A successful recommendation is of course always welcome, but if the successful result could not be replicated using the standard antifoam test procedures then there was clearly something not optimal with the procedure commonly used. It was this question that then led to a test method development project being undertaken in order to find a method to assess foaming characteristics and antifoam performance more in line with real-life conditions. The most obvious difference between the standard test method and the real-life situation is that the tests are usually conducted using ‘dead’ crude at atmospheric pressure. In the process, the crude is ‘live’ and under pressure – it is indeed the depressurisation of the crude that causes the gases to break out of the crude and create the foam. In the laboratory test, gas is merely sparged through the crude to try to create a foam which, with heavier crudes, can be very difficult.

The solution to these differences was therefore to try to bring the crude oil ‘back to life’ and to try to create the foam in the same way as in the process, through depressurisation. Recreating ‘live’ crude can be achieved fairly simply by sparging gas through the oil under pressure in order to saturate the crude. The pressurised ‘live’ crude was then depressurised rapidly and it was found that significant quantities of foam were created. Using this method, it was possible to then test the efficacy of different types of antifoam chemistries at reducing the foam created when the live crude samples were depressurised. With these tests it was possible to better differentiate performance between chemicals on the heavy crude and, more significantly, it was demonstrated that the higher viscosity polydimethylsiloxane was more effective than the low viscosity fluorosilicone product. This gave some validation to the test method, as it reproduced the result observed in the field trials.

Figure 2. Comparison of water separation trends at 60˚C with 20% water cut.

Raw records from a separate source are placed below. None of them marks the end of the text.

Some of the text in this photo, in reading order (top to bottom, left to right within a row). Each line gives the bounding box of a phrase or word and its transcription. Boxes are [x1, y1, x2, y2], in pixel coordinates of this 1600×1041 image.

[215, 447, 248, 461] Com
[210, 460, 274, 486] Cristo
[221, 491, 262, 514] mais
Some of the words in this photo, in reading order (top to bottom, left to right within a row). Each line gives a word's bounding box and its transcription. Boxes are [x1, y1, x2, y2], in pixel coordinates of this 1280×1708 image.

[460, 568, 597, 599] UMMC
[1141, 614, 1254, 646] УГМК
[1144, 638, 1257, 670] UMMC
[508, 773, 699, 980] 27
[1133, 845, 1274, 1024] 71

Figure 3. Separation trends for droplet size matched emulsion treated with diff erent demulsifiers aft er 2 hours at 60˚C.

Summary

Clear variances in performance of demulsifiers were found between test methodologies. Simple, basic bottle tests using dead oil were not able to demonstrate significant performance differences between several demulsifier types, with all candidates showing similar performance to an ‘off-the-shelf’ product previously used during a well test exercise. Matching the emulsion more closely with that produced during the well test did, however, yield different trends to the original tests, highlighting significant performance differences between demulsifiers and identifying a better performing product for the next stage of the field development.

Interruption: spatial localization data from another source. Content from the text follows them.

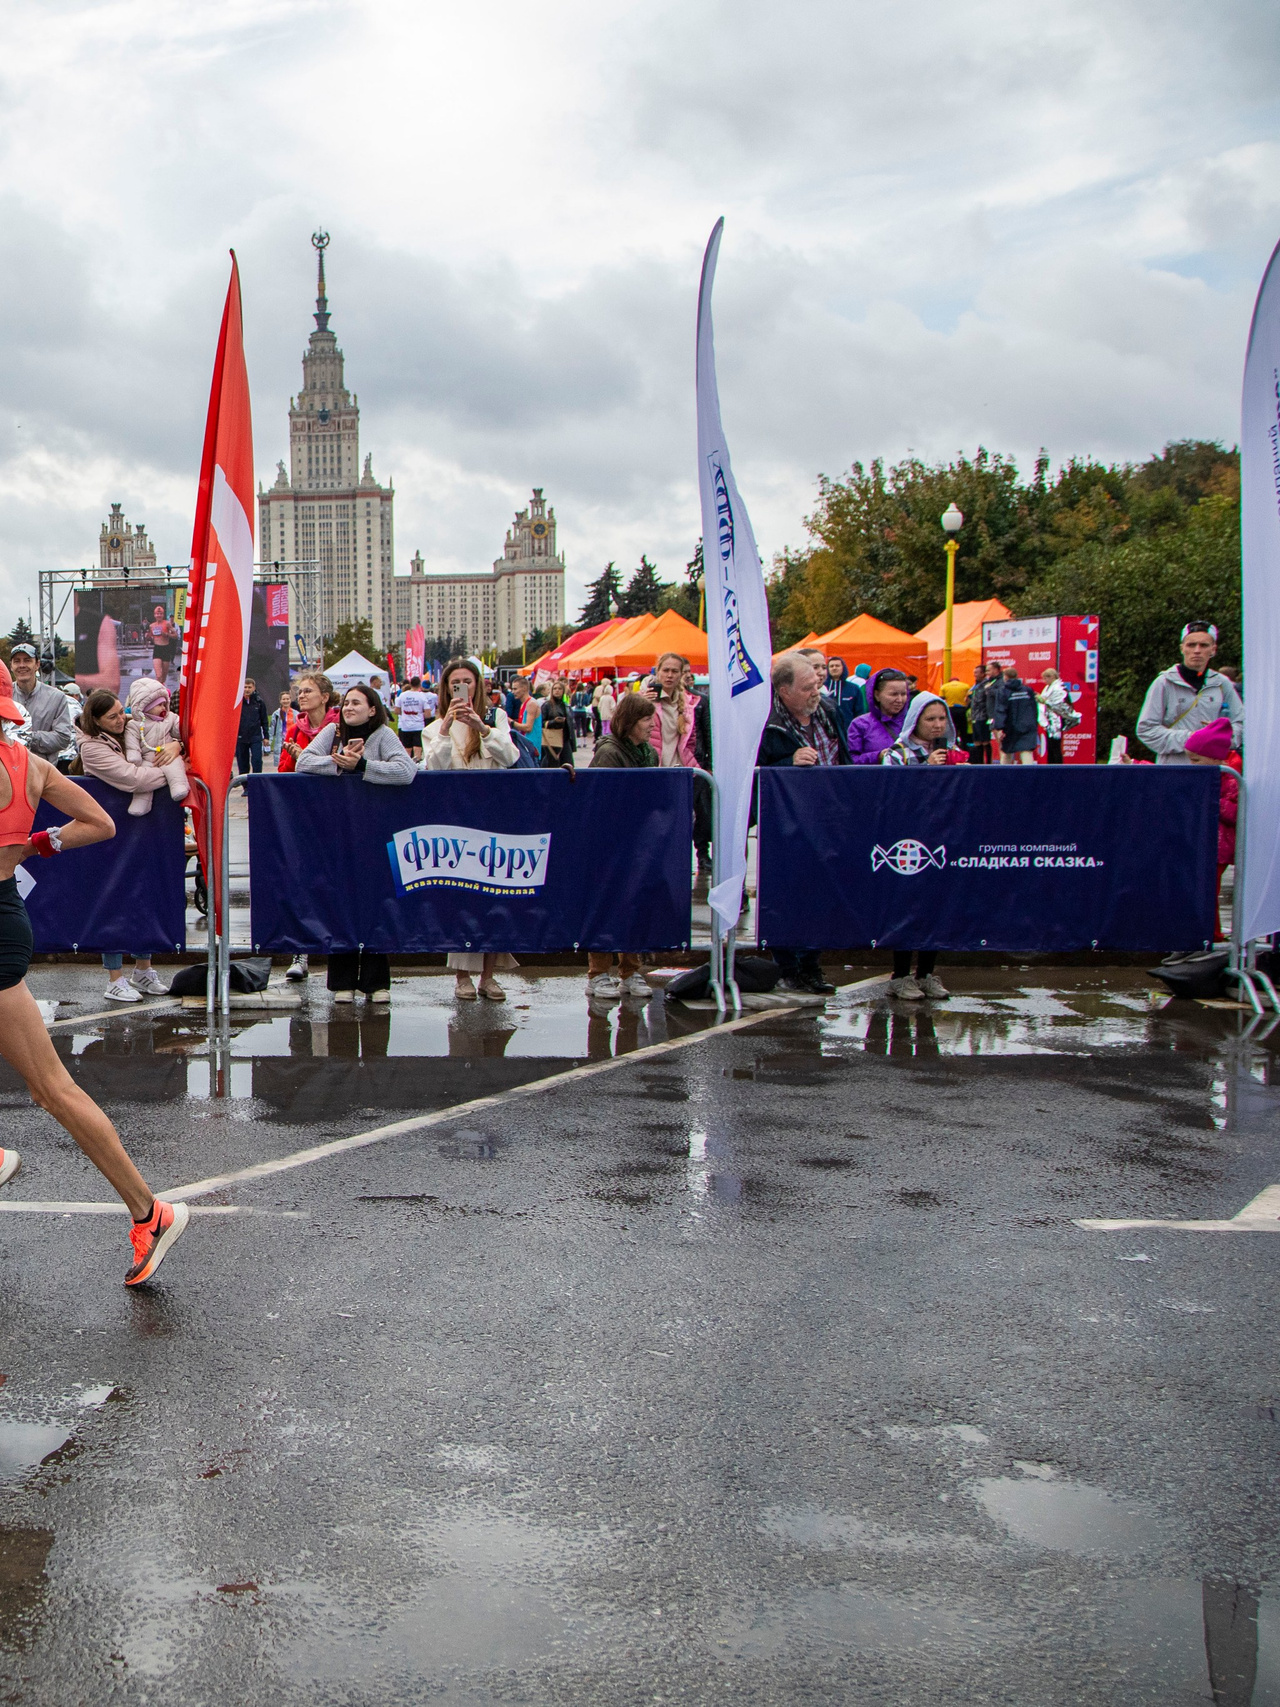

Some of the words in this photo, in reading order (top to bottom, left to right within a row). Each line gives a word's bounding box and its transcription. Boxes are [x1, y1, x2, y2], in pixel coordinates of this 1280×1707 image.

[403, 831, 545, 879] фру-фру
[978, 843, 1017, 854] группа
[1020, 842, 1077, 852] компаний
[950, 857, 1030, 870] «СЛАДКАЯ
[1033, 857, 1104, 868] СКАЗКА»
[405, 879, 480, 892] жевательный
[482, 885, 536, 895] мармелад
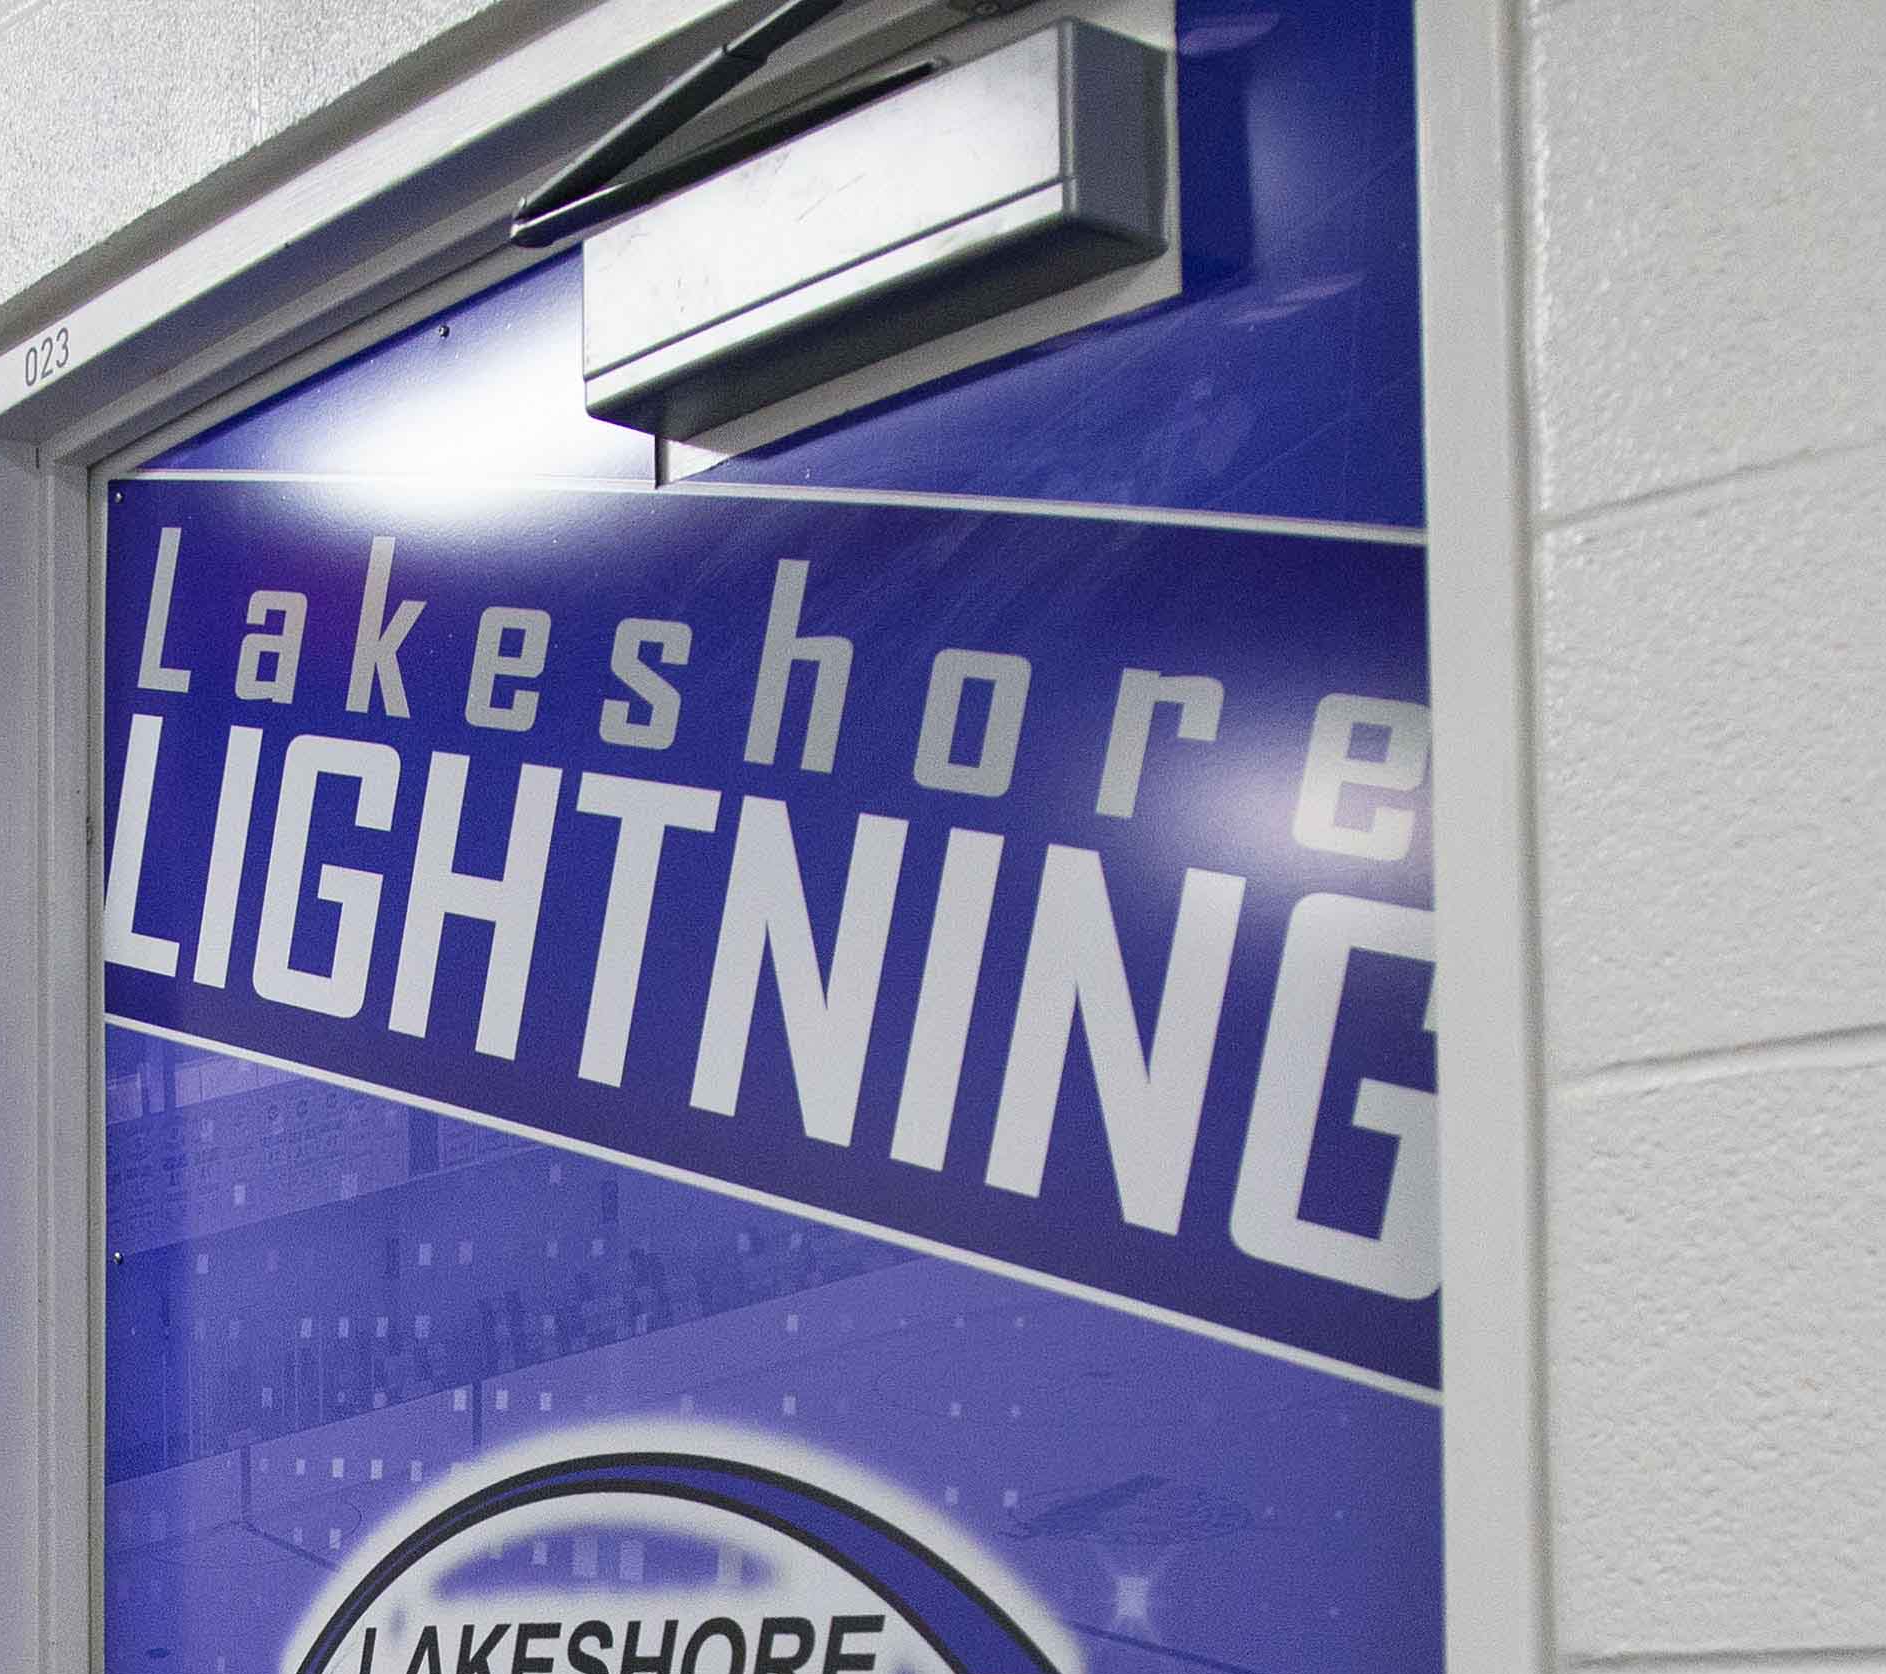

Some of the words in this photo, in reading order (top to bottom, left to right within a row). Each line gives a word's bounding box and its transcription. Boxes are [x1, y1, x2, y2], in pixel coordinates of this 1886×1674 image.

[25, 327, 69, 386] 023
[137, 524, 1432, 863] Lakeshore
[104, 709, 1441, 1303] LIGHTNING

Likewise, with the antifoam application, the initial recommendation of the ‘best-in-class’ chemistry was found to be ineffective in the field and the standard laboratory test was again unable to differentiate performance between other chemistry types, even though an alternative product had been subsequently seen to be effective in the field. Retrospective test development was able to demonstrate that saturating the dead crude with gas then rapidly depressurising was a far more realistic way of creating foam and therefore of testing the efficacy of antifoam chemistries; the new test was able to replicate the performance differential seen in the field between the original recommended product and the product tested more successfully later on.

This all leads to the fairly unsurprising, yet all too often ignored, conclusion that test methodology and conditions are crucial when selecting production chemicals such as demulsifiers and antifoams. It is not enough to merely have the ‘best’ chemistries; it is also essential to know how to test them in a representative manner. Performance trends observed in tests using dead oil can be wholly unreliable if no efforts have been made to re-condition the fluids to be more truly representative of the fluids actually produced in the oilfield.